GPO Witness History exhibition centre to open on March 29th

Ireland 2016 flagship programme will seek to interpret seminal event in Irish history

Aline FitzGerald, general manager of the An Post GPO Witness History visitor attraction and Barney Whelan, director of communications and corporate affairs for An Post, with Malachy McKenna and Niamh Ni Riain, staff members at GPO Witness History.  Photograph: Alan Betson
Aline FitzGerald, general manager of the An Post GPO Witness History visitor attraction and Barney Whelan, director of communications and corporate affairs for An Post, with Malachy McKenna and Niamh Ni Riain, staff members at GPO Witness History. Photograph: Alan Betson

The GPO Witness History is expected to attract 300,000 visitors a year, An Post has said.

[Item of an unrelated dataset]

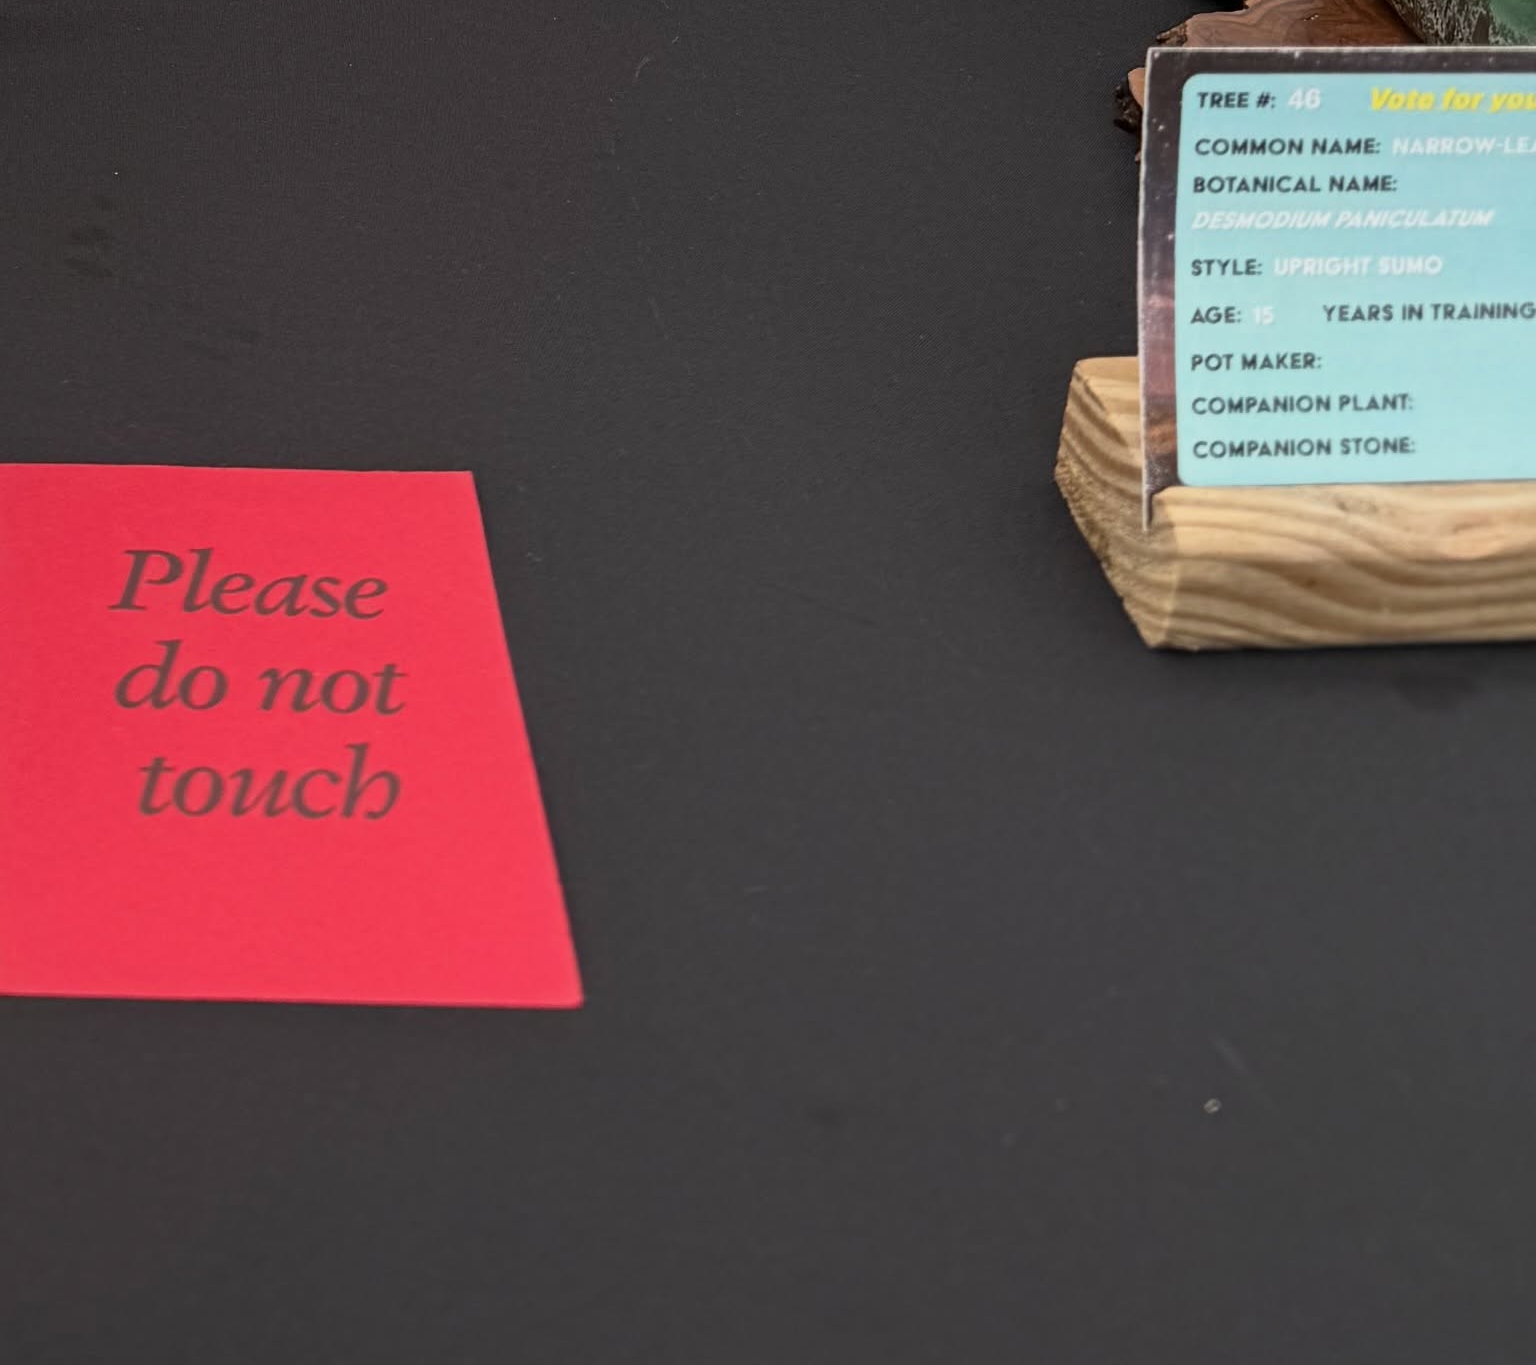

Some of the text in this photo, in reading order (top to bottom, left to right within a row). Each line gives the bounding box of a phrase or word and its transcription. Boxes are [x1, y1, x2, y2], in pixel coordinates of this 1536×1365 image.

Some 20,000 people have already bought prebooked tickets for what is the flagship project of Ireland 2016.

The €7.8 million development in the courtyard of the GPO will open on March 29th (Easter Tuesday), two days after the Rising centenary has taken place.

The centre can accommodate 400 people. The GPO Witness History exhibition will be a paid-for exhibition as it will not receive a public subsidy. Tickets will be €10 for adults and €7.50 for children. A family of four will cost €25.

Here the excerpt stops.